El presidente saliente de Colombia, Gustavo Petro, reiteró este lunes que no reconoce la legitimidad del Gobierno del presidente electo, Abelardo de la Espriella, e insistió en que las elecciones del pasado 21 de junio estuvieron marcadas por un supuesto fraude durante el escrutinio.
En un extenso mensaje publicado en su cuenta de X, el mandatario aseguró, sin presentar pruebas, que hubo una manipulación de algoritmos para alterar los resultados electorales en favor de De la Espriella, quien fue declarado ganador con 12.9 millones de votos.
Petro sostuvo que «no reconoce la legitimidad del Gobierno entrante» y afirmó que «Abelardo no ganó las elecciones», al asegurar que el verdadero vencedor fue el senador Iván Cepeda, quien, según dijo, obtuvo 12.7 millones de votos.

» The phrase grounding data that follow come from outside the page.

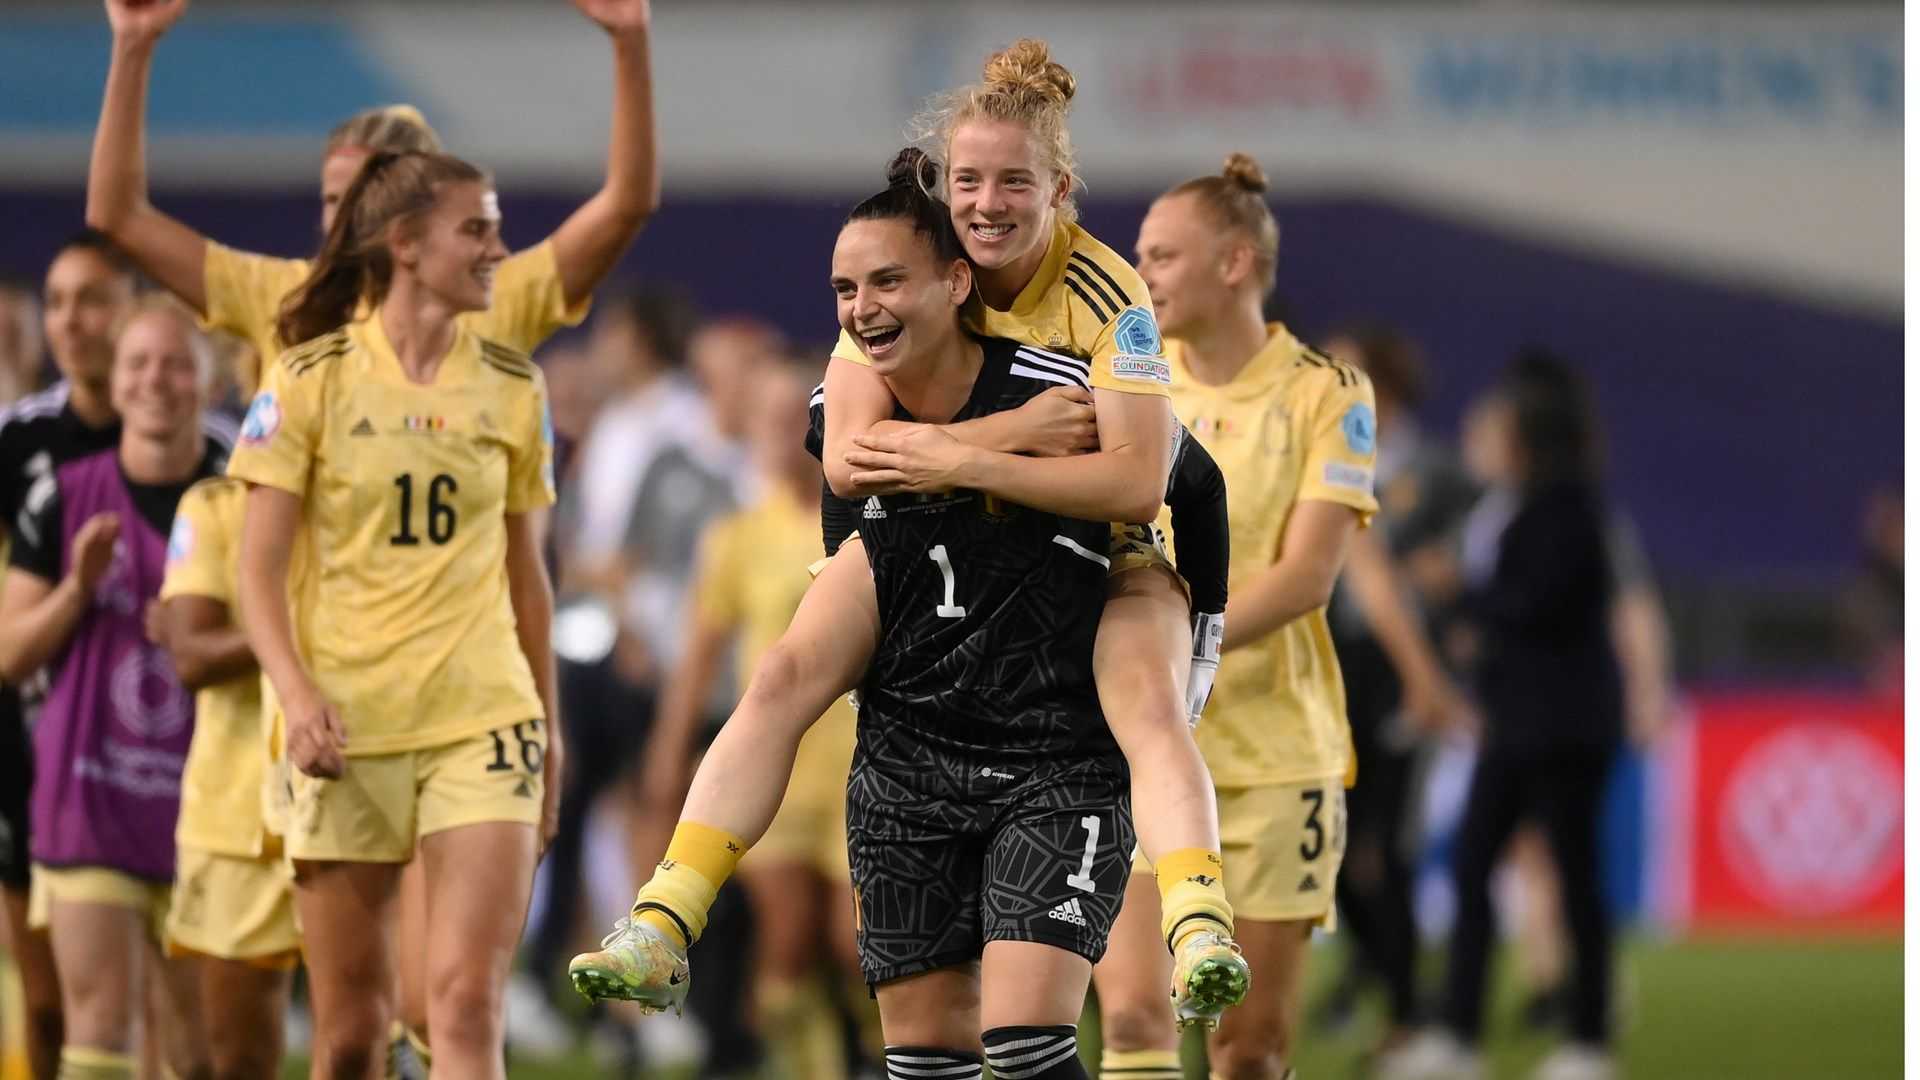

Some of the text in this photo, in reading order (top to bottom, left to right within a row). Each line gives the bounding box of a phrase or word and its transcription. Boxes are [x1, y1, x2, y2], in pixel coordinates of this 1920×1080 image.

[1113, 362, 1170, 376] FOUNDATION
[390, 473, 458, 546] 16
[863, 509, 887, 519] adidas
[928, 544, 966, 617] 1
[486, 718, 544, 775] 16
[1066, 815, 1100, 894] 1
[1300, 789, 1325, 861] 3
[1048, 910, 1087, 927] adidas
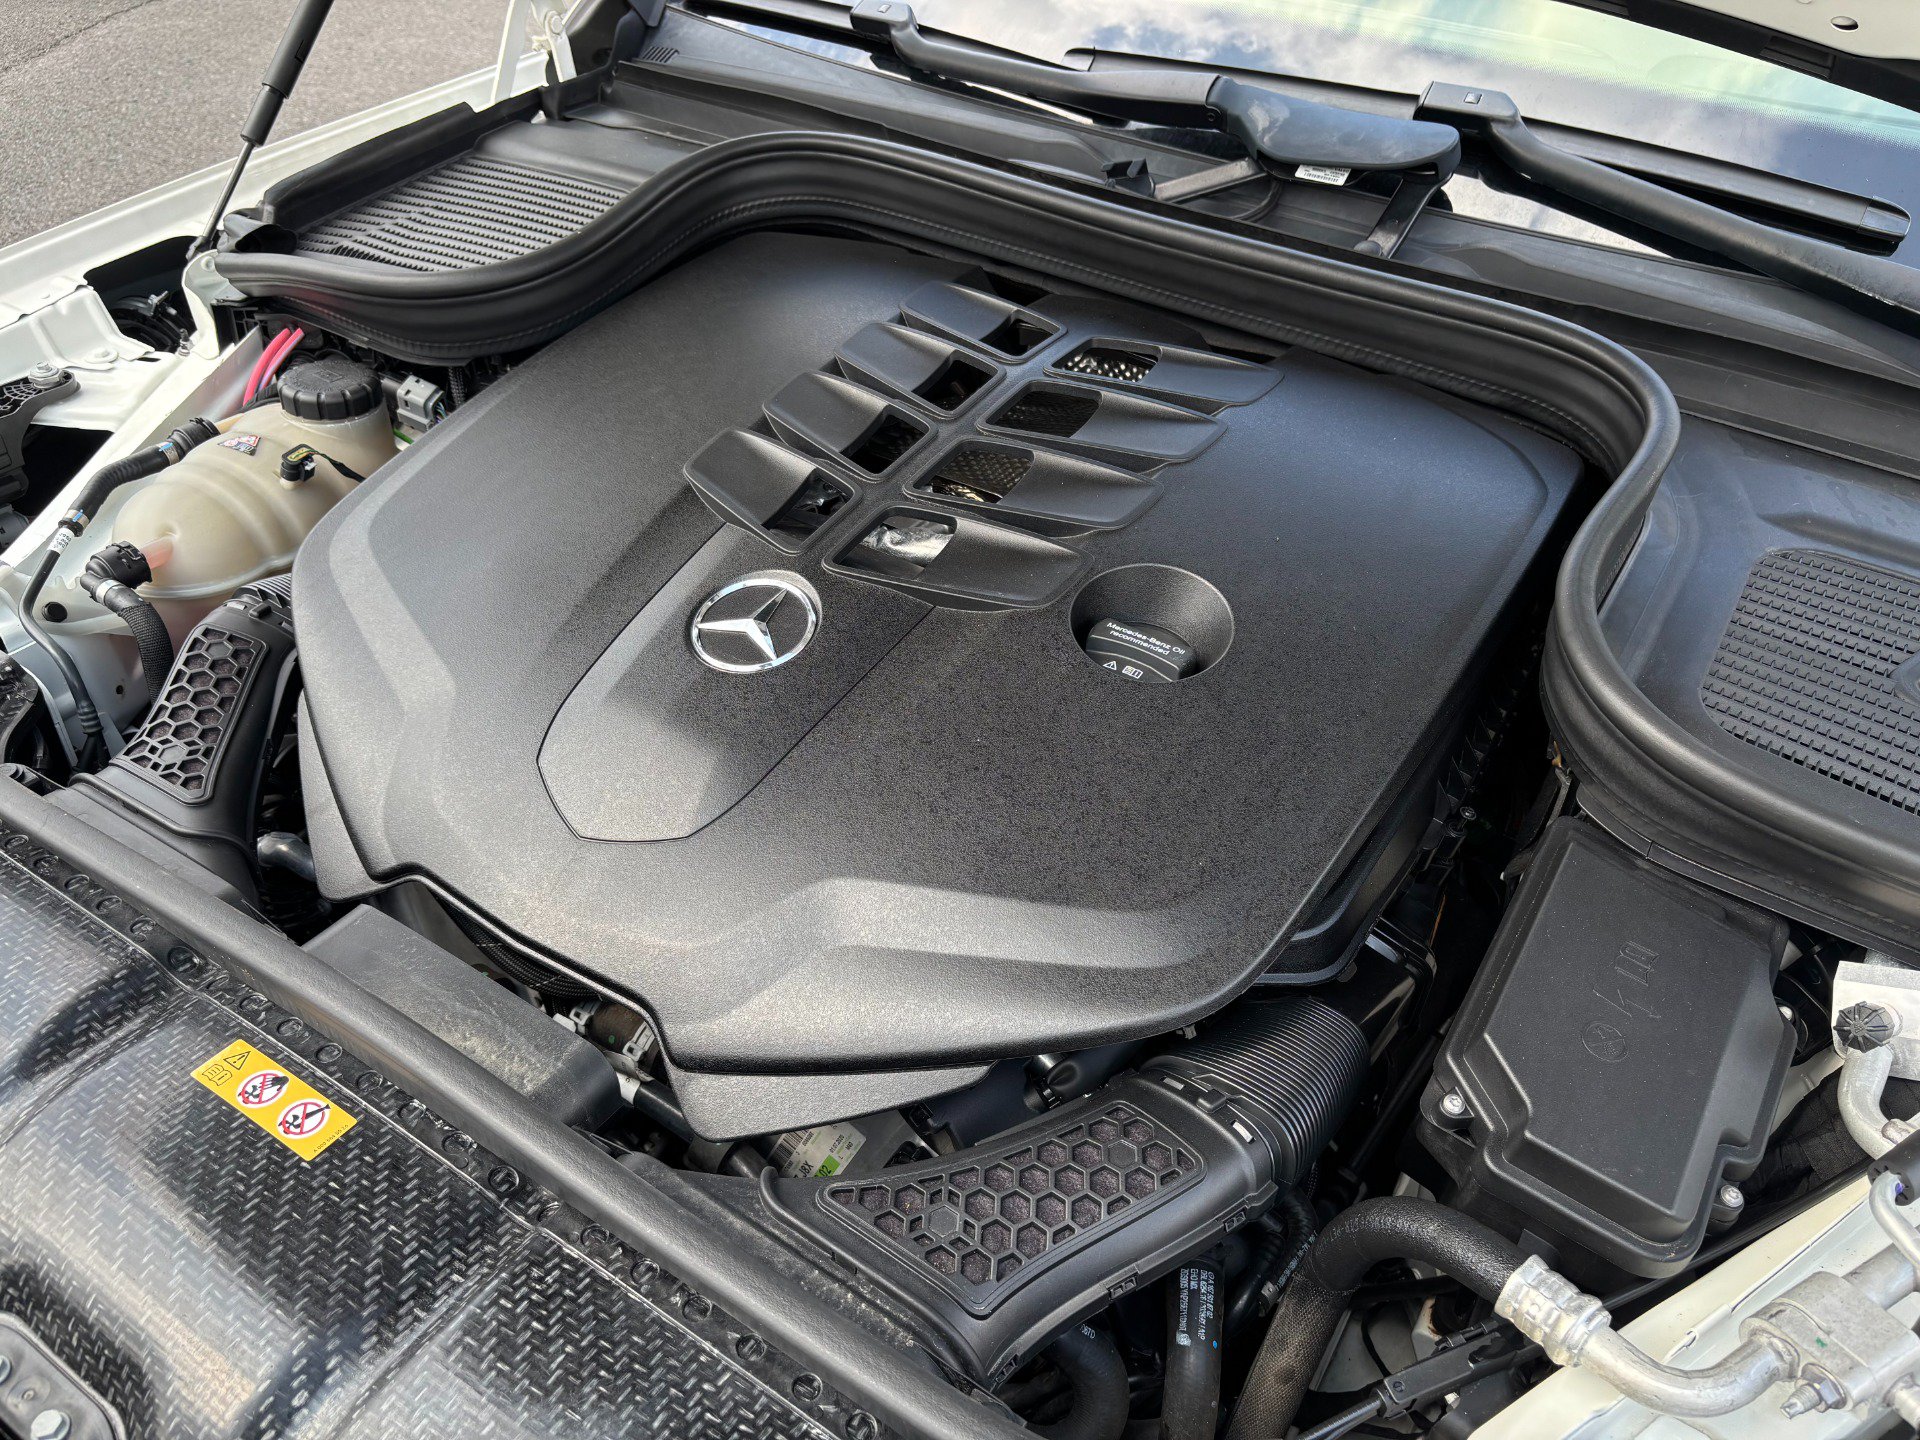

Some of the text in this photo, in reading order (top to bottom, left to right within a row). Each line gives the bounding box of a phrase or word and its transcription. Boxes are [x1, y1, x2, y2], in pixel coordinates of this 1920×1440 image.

[1106, 622, 1186, 655] Mercedes-Benz Oil
[1109, 630, 1171, 655] recommended
[798, 1160, 815, 1178] J8X

Las declaraciones contrastan con la posición que el mandatario expresó tras la segunda vuelta presidencial, cuando aseguró que respetaría los resultados oficiales. Desde entonces, sin embargo, ha intensificado sus denuncias de fraude pese a que las misiones de observación electoral felicitaron a la Registraduría Nacional y al Consejo Nacional Electoral por la organización del proceso.
El jefe de Estado también convocó nuevamente a la ciudadanía a movilizarse el próximo 20 de julio, fecha en la que Colombia conmemora el Día de la Independencia y se instalará el nuevo Congreso.
Petro pidió a sus seguidores participar en concentraciones públicas para, según afirmó, «dar el grito de la independencia nacional en todas las plazas públicas», una convocatoria que ya había realizado el domingo en defensa de las reformas promovidas durante su administración.
Mientras tanto, el proceso de transición entre el Gobierno saliente y el equipo del presidente electo continúa a través de reuniones técnicas. El vicepresidente electo, José Manuel Restrepo, encabeza los encuentros con el ministro de Hacienda saliente, Germán Ávila, quien lidera el empalme por parte del Ejecutivo.
Tanto Petro como De la Espriella descartaron reunirse personalmente durante la transición, por lo que el traspaso de funciones se desarrolla únicamente entre los equipos designados por ambas administraciones, una situación poco habitual en la política colombiana reciente.